Norway draws a hard line: a near-ban on generative AI for ages 6–13

Younger children won’t use generative AI in school; older students will, with supervision and a focus on judgment. The PM framed it around the basics — reading, writing, maths. So, not everywhere, not never, but where it fits. Perhaps an interesting model for organisations too. Some use AI to encourage, some to supervise, some to teach judgment before output.


02 · Le doubt

Is any of this real?

Your weekly anxiety bundle.

Business Insider · June 2026

A forensics expert warns the “is this real?” problem is getting worse

Hany Farid, who does this for a living, says synthetic images, video, and audio are now convincing enough that ordinary people can’t reliably tell — and verification usually arrives long after a post has sunk in its hooks.
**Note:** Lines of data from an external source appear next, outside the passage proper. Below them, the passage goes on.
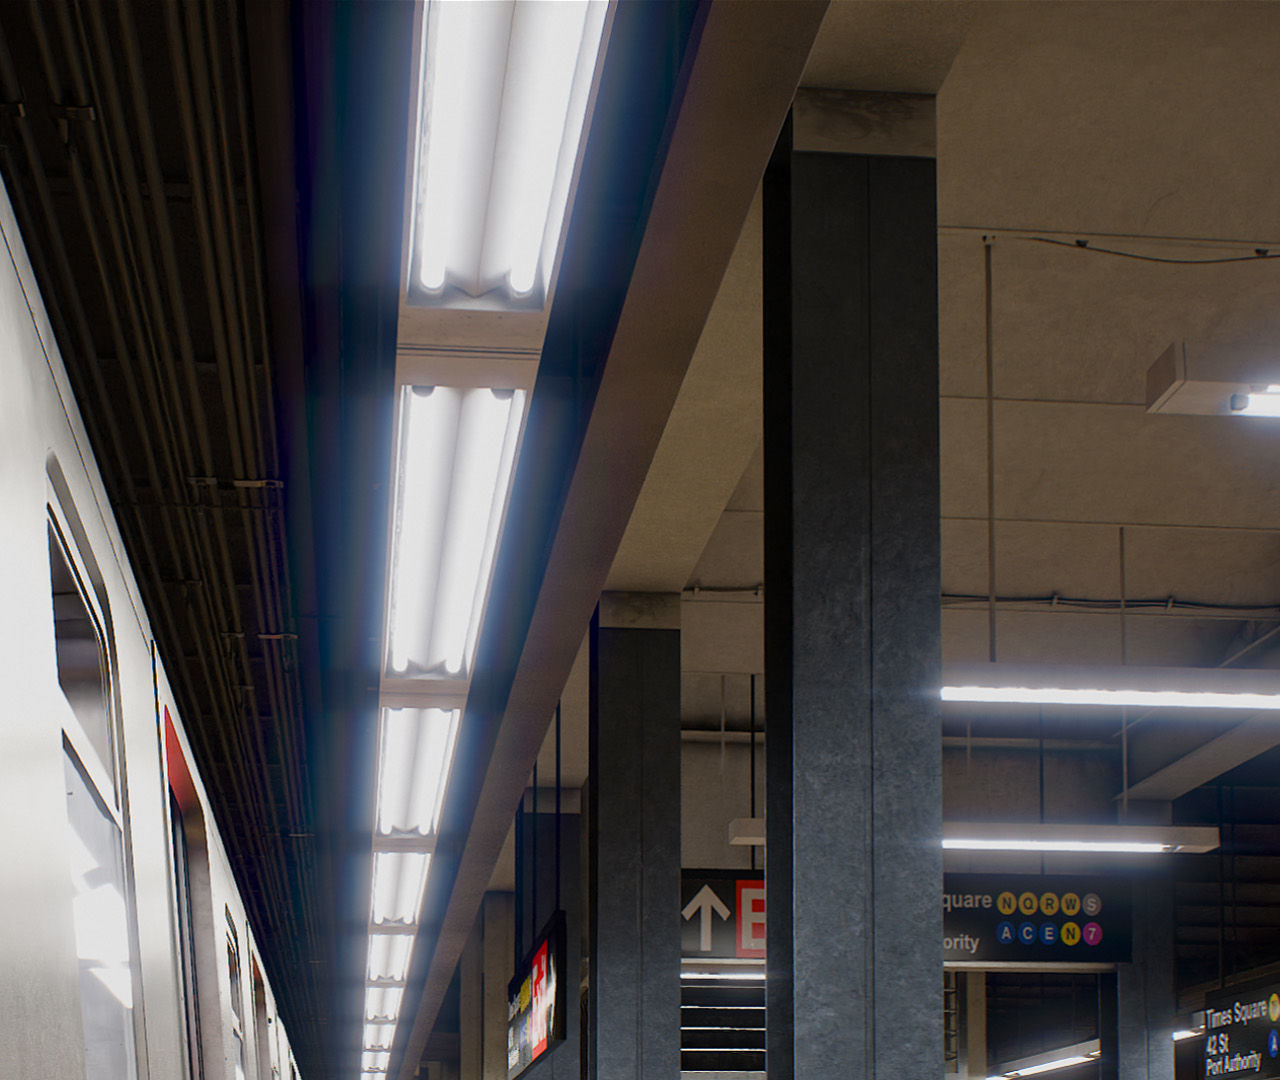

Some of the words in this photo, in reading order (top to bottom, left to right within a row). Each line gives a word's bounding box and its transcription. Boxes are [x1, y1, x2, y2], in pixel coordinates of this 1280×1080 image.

[943, 894, 993, 912] quare
[943, 934, 980, 954] ority
[1206, 1008, 1233, 1029] Times
[1233, 1001, 1268, 1026] Square
[1206, 1035, 1218, 1056] 42
[1218, 1033, 1229, 1054] St
[1206, 1057, 1224, 1076] Port
[1224, 1050, 1262, 1073] Authority
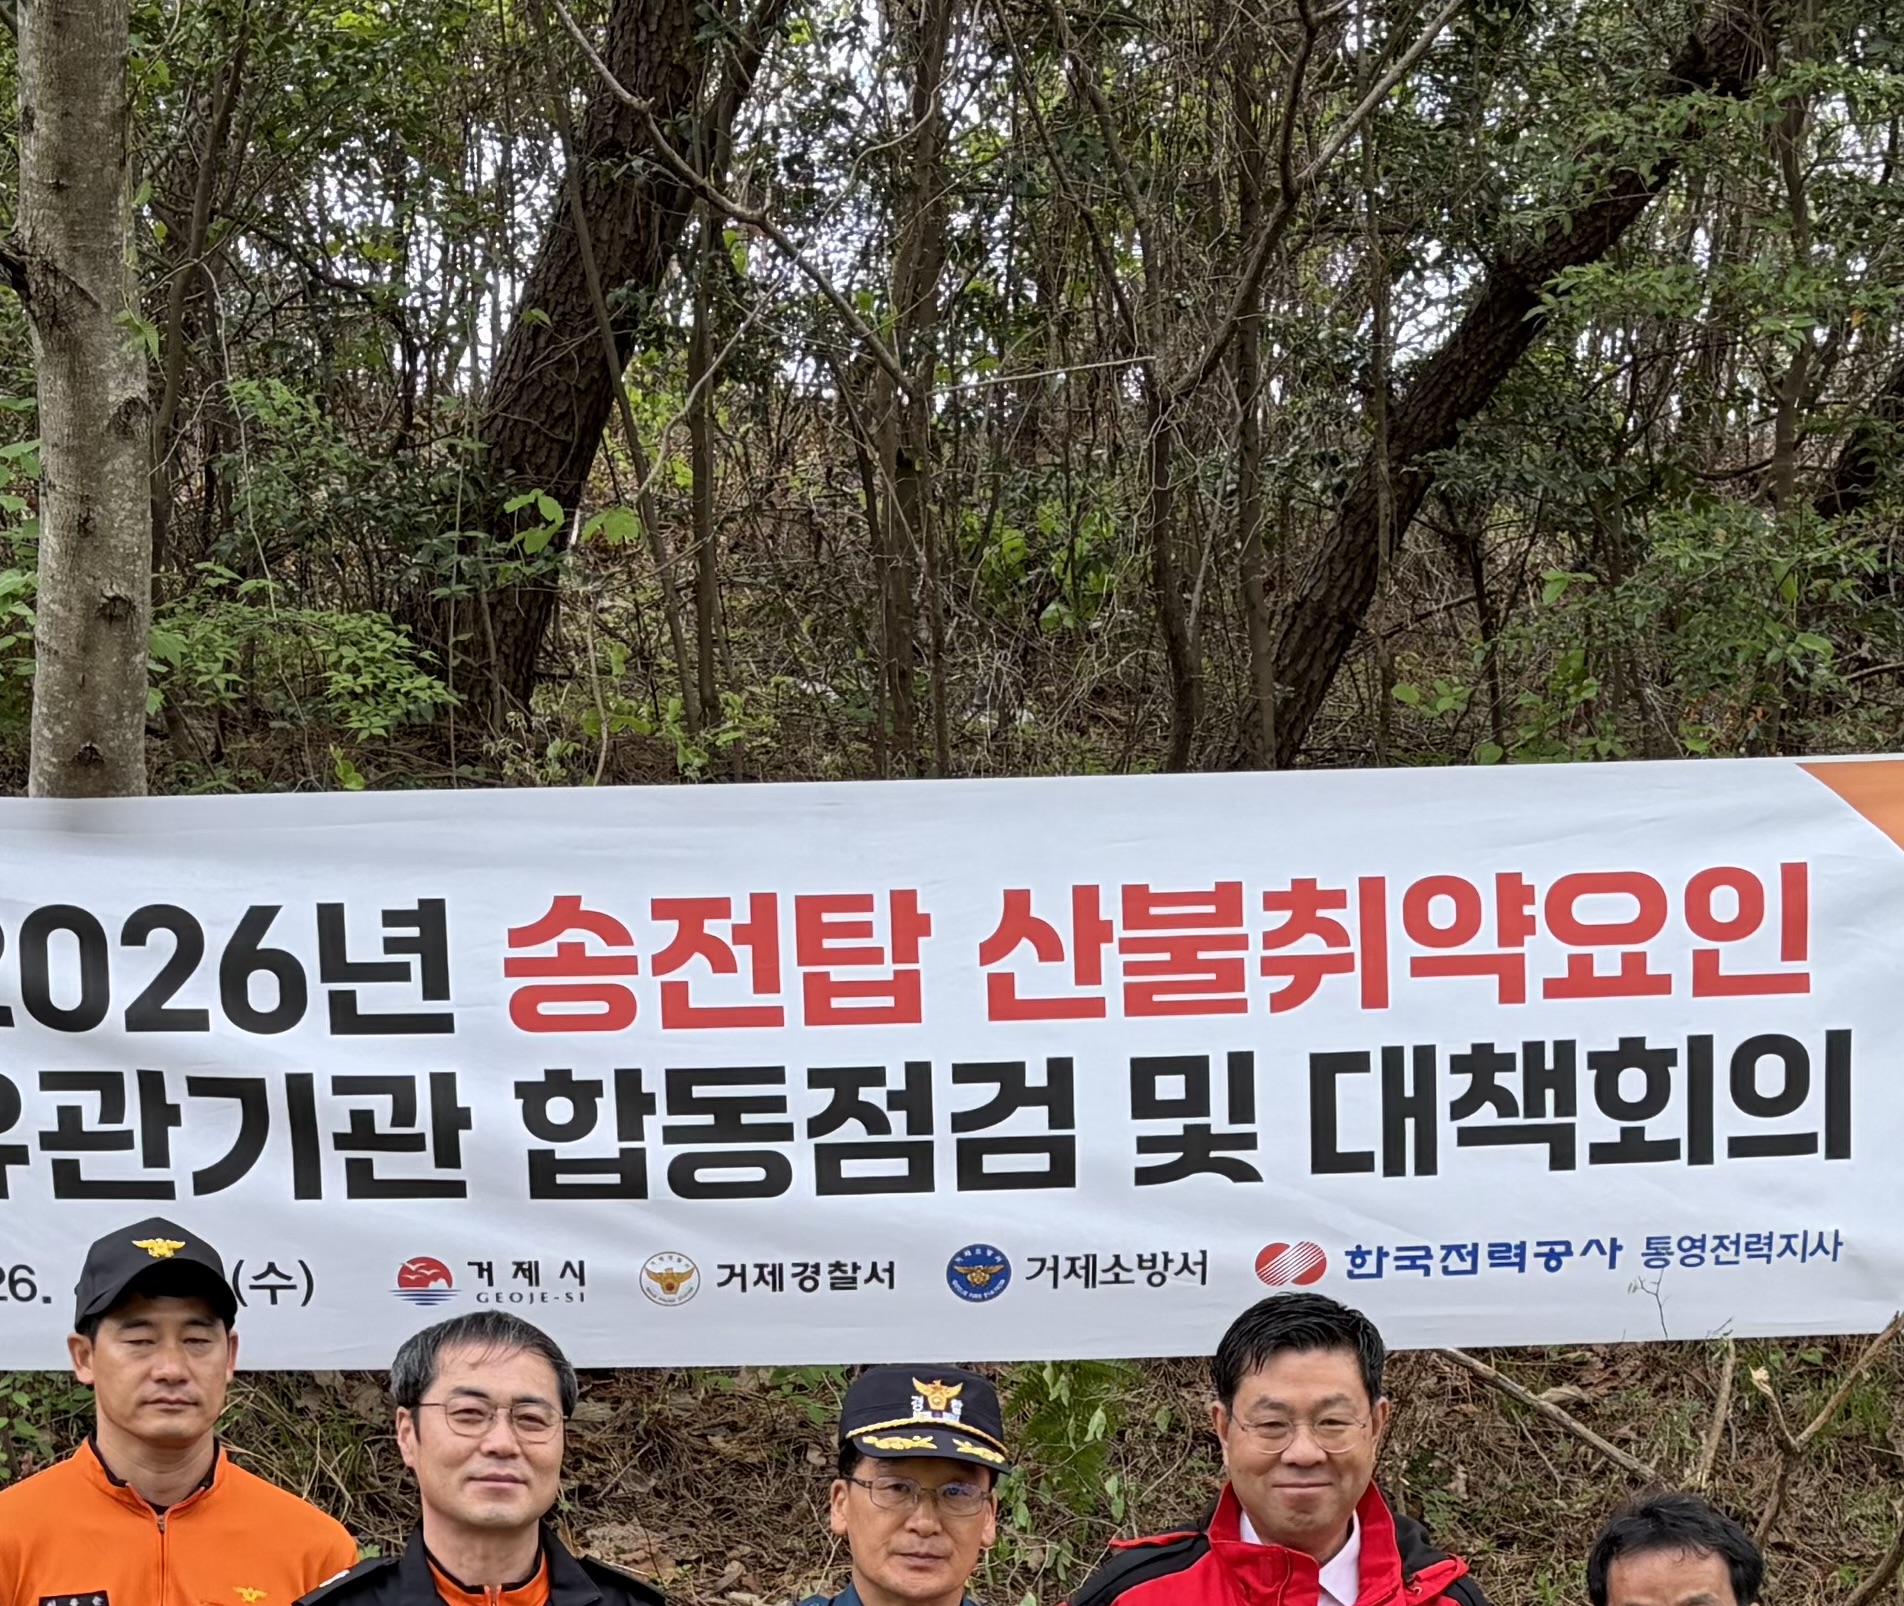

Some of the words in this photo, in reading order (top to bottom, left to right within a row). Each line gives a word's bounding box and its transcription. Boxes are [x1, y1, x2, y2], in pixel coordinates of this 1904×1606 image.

[504, 890, 932, 1033] 송전탑
[979, 862, 1812, 1022] 산불취약요인
[514, 1056, 1077, 1200] 합동점검
[1129, 1050, 1265, 1187] 및
[1309, 1028, 1853, 1178] 대책회의
[467, 1260, 586, 1287] 거제시
[716, 1260, 895, 1293] 거제경찰서
[1025, 1249, 1208, 1290] 거제소방서
[1345, 1237, 1624, 1280] 한국전력공사
[1640, 1229, 1844, 1269] 통영전력지사
[230, 1259, 314, 1307] (수)
[476, 1291, 585, 1304] GEOJE-SI
The threat is not just fake content; it’s the slow erosion of shared reality (nope, didn’t steal that from The Matrix). For communicators, be prepared to show your work.


Reuters (paywalled); secondary via The Decoder · June 19

Retailers ask the EU to exempt AI-made ads from labelling

EuroCommerce — Amazon, H&M, Inditex, Ikea — argues that using AI to drop a sofa into a digital room isn’t the same as a deepfake, and that labelling everything makes disclosure meaningless. They have a point…until a customer asks, “wait, was any of that real?” For communicators perhaps the better test for our work isn’t “did AI touch this?” It’s “would the audience feel misled if they knew how it was made?” I always knew that Aflac duck couldn’t really speak.


Die Zeit (via Heise) · June 13

The minister and the false positive

A reader flagged this one for me — thank you! — and please keep them coming. It slipped past my deadline last week but it’s too good to leave behind. Die Zeit ran 30 speeches by Germany’s digital minister, Karsten Wildberger, through an AI-detection tool called Pangram: one (delivered to the Atlantic Council in Washington) came back as fully AI-written, seven more had AI-written fragments, and 22 were flagged as human. The ministry shrugged — AI is a “support tool,” no disclosure needed, a human checks everything.

The reason this matters for us is that the question “did a machine write this?” is now going to trail every speech we put our names to. But before anyone panics, look at what these detectors actually do. I handed my monthly AI group an “AI tells” prompt built to catch exactly where a speechwriter had leaned on AI — and it returned many false positives. Enough of them to genuinely piss off (and rightfully so) those who’d written every word themselves. Let’s remember: a flag is not a verdict.

And remember what these models trained on: the open internet — which is to say, our work. Decades of speeches and beautiful comms output, scraped and absorbed. So, when a detector calls your writing “AI-generated,” there’s a real chance it’s reacting to your work, because the machine learned to sound like you. Which leaves us flagging the AI that’s flagging our work as AI — work that was ours to begin with. Nice.


03 · The offbeat

Born in a prompt box.

The Guardian · June 21

Influencer recommending sofa fingered as fake

The Guardian found brands quietly using AI-generated influencers to fake customer experiences (surely not!) — some creators even signed NDAs to keep quiet about it. One Dubai label’s “satisfied customer” turned up wearing the clothes and — in a detail no script could improve — a glorious extra finger. Nothing says authentic testimonial like a spokesperson who failed "hands" in art class. Do I need to say it? If your audience feels tricked, no efficiency gain survives the cleanup. It’s also just stupid.

From the Substack

Tell the AI gatekeepers to go to hell

In which I discuss why communicators don’t need the LinkedIn police — we’re perfectly capable of independent thought and have been for many moons.

Try this

A reputation-audit prompt worth running this week:

Audit how AI systems describe our organization. Compare the answer against our official positioning. Identify inaccuracies, missing proof points, generic phrasing, source gaps, and the top five public pages or assets we should improve so AI systems represent us more accurately.